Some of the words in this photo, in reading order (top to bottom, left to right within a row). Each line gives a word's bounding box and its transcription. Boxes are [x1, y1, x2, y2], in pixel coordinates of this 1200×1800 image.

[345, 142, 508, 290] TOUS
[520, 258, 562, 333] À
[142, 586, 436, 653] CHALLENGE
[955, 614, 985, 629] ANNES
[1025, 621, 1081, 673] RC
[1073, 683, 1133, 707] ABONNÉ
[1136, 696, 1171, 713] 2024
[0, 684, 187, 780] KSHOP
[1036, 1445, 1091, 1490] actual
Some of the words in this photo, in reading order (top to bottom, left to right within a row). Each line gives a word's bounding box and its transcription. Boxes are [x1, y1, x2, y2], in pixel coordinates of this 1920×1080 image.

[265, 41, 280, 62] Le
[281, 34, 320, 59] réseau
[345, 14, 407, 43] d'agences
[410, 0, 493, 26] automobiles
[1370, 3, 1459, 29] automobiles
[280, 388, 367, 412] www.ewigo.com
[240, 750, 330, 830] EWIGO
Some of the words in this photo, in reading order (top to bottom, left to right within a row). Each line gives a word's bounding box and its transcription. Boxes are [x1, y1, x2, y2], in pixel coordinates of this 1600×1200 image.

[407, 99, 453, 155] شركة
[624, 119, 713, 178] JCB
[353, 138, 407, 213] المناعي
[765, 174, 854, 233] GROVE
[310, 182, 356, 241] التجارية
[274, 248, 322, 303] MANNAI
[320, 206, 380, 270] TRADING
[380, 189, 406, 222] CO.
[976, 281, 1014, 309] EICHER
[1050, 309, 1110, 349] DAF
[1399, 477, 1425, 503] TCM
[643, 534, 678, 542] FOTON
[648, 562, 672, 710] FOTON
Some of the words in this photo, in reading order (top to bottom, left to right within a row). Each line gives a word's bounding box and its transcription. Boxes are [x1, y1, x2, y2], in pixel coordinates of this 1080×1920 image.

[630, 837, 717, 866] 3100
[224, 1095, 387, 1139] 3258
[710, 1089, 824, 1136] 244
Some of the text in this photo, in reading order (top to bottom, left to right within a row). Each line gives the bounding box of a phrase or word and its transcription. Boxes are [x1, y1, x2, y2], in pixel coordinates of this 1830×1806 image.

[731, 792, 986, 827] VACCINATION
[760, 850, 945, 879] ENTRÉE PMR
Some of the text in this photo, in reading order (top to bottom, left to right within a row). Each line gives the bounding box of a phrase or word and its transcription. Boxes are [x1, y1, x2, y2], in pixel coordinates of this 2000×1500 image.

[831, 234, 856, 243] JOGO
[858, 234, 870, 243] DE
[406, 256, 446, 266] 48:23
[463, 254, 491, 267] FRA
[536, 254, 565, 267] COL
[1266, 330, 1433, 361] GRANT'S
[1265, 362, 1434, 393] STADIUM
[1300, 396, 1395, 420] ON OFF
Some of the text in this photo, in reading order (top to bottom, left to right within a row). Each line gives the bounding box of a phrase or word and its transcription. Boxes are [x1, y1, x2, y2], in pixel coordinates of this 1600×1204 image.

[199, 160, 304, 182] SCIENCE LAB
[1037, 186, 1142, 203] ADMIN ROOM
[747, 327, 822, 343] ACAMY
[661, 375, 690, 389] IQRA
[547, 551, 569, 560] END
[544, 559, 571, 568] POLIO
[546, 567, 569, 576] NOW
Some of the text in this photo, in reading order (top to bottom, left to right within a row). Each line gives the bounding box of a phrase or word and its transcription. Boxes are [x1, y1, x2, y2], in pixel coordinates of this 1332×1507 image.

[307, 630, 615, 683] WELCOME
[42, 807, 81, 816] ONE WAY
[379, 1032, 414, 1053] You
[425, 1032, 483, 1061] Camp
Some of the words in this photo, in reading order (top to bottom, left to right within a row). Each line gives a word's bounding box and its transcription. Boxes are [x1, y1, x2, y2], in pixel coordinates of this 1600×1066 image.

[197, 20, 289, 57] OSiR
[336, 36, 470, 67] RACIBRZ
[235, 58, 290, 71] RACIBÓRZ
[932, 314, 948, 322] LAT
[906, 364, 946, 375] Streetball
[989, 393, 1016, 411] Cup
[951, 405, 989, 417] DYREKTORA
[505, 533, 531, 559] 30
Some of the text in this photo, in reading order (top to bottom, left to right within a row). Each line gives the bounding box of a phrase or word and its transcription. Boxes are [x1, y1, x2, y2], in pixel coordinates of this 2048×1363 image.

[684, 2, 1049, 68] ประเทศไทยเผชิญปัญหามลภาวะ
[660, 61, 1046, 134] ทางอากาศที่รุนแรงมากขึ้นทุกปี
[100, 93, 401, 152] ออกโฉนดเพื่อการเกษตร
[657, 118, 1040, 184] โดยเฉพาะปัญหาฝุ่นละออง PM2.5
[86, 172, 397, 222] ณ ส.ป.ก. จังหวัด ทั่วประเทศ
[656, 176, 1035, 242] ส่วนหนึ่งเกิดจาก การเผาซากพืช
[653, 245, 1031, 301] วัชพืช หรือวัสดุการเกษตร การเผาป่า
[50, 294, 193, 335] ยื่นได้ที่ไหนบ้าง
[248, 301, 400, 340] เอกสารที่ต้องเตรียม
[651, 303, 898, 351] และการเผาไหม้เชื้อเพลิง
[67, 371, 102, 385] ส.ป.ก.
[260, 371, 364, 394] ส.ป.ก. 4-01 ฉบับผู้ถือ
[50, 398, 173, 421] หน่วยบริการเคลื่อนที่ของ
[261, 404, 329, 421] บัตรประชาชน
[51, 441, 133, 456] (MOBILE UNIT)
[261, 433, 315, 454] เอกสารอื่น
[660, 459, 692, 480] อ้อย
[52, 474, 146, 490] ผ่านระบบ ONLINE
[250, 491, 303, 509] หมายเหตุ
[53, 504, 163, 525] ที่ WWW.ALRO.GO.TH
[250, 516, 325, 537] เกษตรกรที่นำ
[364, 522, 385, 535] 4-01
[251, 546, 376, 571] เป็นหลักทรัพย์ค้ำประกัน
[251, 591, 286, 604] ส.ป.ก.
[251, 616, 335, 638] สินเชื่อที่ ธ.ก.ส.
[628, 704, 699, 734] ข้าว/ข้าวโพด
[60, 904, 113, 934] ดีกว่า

> **WHAT IS BEING ASKED**:
Repeat each entry exactly as it was given.

> **RESPONSE BOX**:
Some of the words in this photo, in reading order (top to bottom, left to right within a row). Each line gives a word's bounding box and its transcription. Boxes are [x1, y1, x2, y2], in pixel coordinates of this 1200×1800 image.

[345, 142, 508, 290] TOUS
[520, 258, 562, 333] À
[142, 586, 436, 653] CHALLENGE
[955, 614, 985, 629] ANNES
[1025, 621, 1081, 673] RC
[1073, 683, 1133, 707] ABONNÉ
[1136, 696, 1171, 713] 2024
[0, 684, 187, 780] KSHOP
[1036, 1445, 1091, 1490] actual
Some of the words in this photo, in reading order (top to bottom, left to right within a row). Each line gives a word's bounding box and its transcription. Boxes are [x1, y1, x2, y2], in pixel coordinates of this 1920×1080 image.

[265, 41, 280, 62] Le
[281, 34, 320, 59] réseau
[345, 14, 407, 43] d'agences
[410, 0, 493, 26] automobiles
[1370, 3, 1459, 29] automobiles
[280, 388, 367, 412] www.ewigo.com
[240, 750, 330, 830] EWIGO
Some of the words in this photo, in reading order (top to bottom, left to right within a row). Each line gives a word's bounding box and its transcription. Boxes are [x1, y1, x2, y2], in pixel coordinates of this 1600×1200 image.

[407, 99, 453, 155] شركة
[624, 119, 713, 178] JCB
[353, 138, 407, 213] المناعي
[765, 174, 854, 233] GROVE
[310, 182, 356, 241] التجارية
[274, 248, 322, 303] MANNAI
[320, 206, 380, 270] TRADING
[380, 189, 406, 222] CO.
[976, 281, 1014, 309] EICHER
[1050, 309, 1110, 349] DAF
[1399, 477, 1425, 503] TCM
[643, 534, 678, 542] FOTON
[648, 562, 672, 710] FOTON
Some of the words in this photo, in reading order (top to bottom, left to right within a row). Each line gives a word's bounding box and its transcription. Boxes are [x1, y1, x2, y2], in pixel coordinates of this 1080×1920 image.

[630, 837, 717, 866] 3100
[224, 1095, 387, 1139] 3258
[710, 1089, 824, 1136] 244
Some of the text in this photo, in reading order (top to bottom, left to right within a row). Each line gives the bounding box of a phrase or word and its transcription. Boxes are [x1, y1, x2, y2], in pixel coordinates of this 1830×1806 image.

[731, 792, 986, 827] VACCINATION
[760, 850, 945, 879] ENTRÉE PMR
Some of the text in this photo, in reading order (top to bottom, left to right within a row). Each line gives the bounding box of a phrase or word and its transcription. Boxes are [x1, y1, x2, y2], in pixel coordinates of this 2000×1500 image.

[831, 234, 856, 243] JOGO
[858, 234, 870, 243] DE
[406, 256, 446, 266] 48:23
[463, 254, 491, 267] FRA
[536, 254, 565, 267] COL
[1266, 330, 1433, 361] GRANT'S
[1265, 362, 1434, 393] STADIUM
[1300, 396, 1395, 420] ON OFF
Some of the text in this photo, in reading order (top to bottom, left to right within a row). Each line gives the bounding box of a phrase or word and its transcription. Boxes are [x1, y1, x2, y2], in pixel coordinates of this 1600×1204 image.

[199, 160, 304, 182] SCIENCE LAB
[1037, 186, 1142, 203] ADMIN ROOM
[747, 327, 822, 343] ACAMY
[661, 375, 690, 389] IQRA
[547, 551, 569, 560] END
[544, 559, 571, 568] POLIO
[546, 567, 569, 576] NOW
Some of the text in this photo, in reading order (top to bottom, left to right within a row). Each line gives the bounding box of a phrase or word and its transcription. Boxes are [x1, y1, x2, y2], in pixel coordinates of this 1332×1507 image.

[307, 630, 615, 683] WELCOME
[42, 807, 81, 816] ONE WAY
[379, 1032, 414, 1053] You
[425, 1032, 483, 1061] Camp
Some of the words in this photo, in reading order (top to bottom, left to right within a row). Each line gives a word's bounding box and its transcription. Boxes are [x1, y1, x2, y2], in pixel coordinates of this 1600×1066 image.

[197, 20, 289, 57] OSiR
[336, 36, 470, 67] RACIBRZ
[235, 58, 290, 71] RACIBÓRZ
[932, 314, 948, 322] LAT
[906, 364, 946, 375] Streetball
[989, 393, 1016, 411] Cup
[951, 405, 989, 417] DYREKTORA
[505, 533, 531, 559] 30
Some of the text in this photo, in reading order (top to bottom, left to right within a row). Each line gives the bounding box of a phrase or word and its transcription. Boxes are [x1, y1, x2, y2], in pixel coordinates of this 2048×1363 image.

[684, 2, 1049, 68] ประเทศไทยเผชิญปัญหามลภาวะ
[660, 61, 1046, 134] ทางอากาศที่รุนแรงมากขึ้นทุกปี
[100, 93, 401, 152] ออกโฉนดเพื่อการเกษตร
[657, 118, 1040, 184] โดยเฉพาะปัญหาฝุ่นละออง PM2.5
[86, 172, 397, 222] ณ ส.ป.ก. จังหวัด ทั่วประเทศ
[656, 176, 1035, 242] ส่วนหนึ่งเกิดจาก การเผาซากพืช
[653, 245, 1031, 301] วัชพืช หรือวัสดุการเกษตร การเผาป่า
[50, 294, 193, 335] ยื่นได้ที่ไหนบ้าง
[248, 301, 400, 340] เอกสารที่ต้องเตรียม
[651, 303, 898, 351] และการเผาไหม้เชื้อเพลิง
[67, 371, 102, 385] ส.ป.ก.
[260, 371, 364, 394] ส.ป.ก. 4-01 ฉบับผู้ถือ
[50, 398, 173, 421] หน่วยบริการเคลื่อนที่ของ
[261, 404, 329, 421] บัตรประชาชน
[51, 441, 133, 456] (MOBILE UNIT)
[261, 433, 315, 454] เอกสารอื่น
[660, 459, 692, 480] อ้อย
[52, 474, 146, 490] ผ่านระบบ ONLINE
[250, 491, 303, 509] หมายเหตุ
[53, 504, 163, 525] ที่ WWW.ALRO.GO.TH
[250, 516, 325, 537] เกษตรกรที่นำ
[364, 522, 385, 535] 4-01
[251, 546, 376, 571] เป็นหลักทรัพย์ค้ำประกัน
[251, 591, 286, 604] ส.ป.ก.
[251, 616, 335, 638] สินเชื่อที่ ธ.ก.ส.
[628, 704, 699, 734] ข้าว/ข้าวโพด
[60, 904, 113, 934] ดีกว่า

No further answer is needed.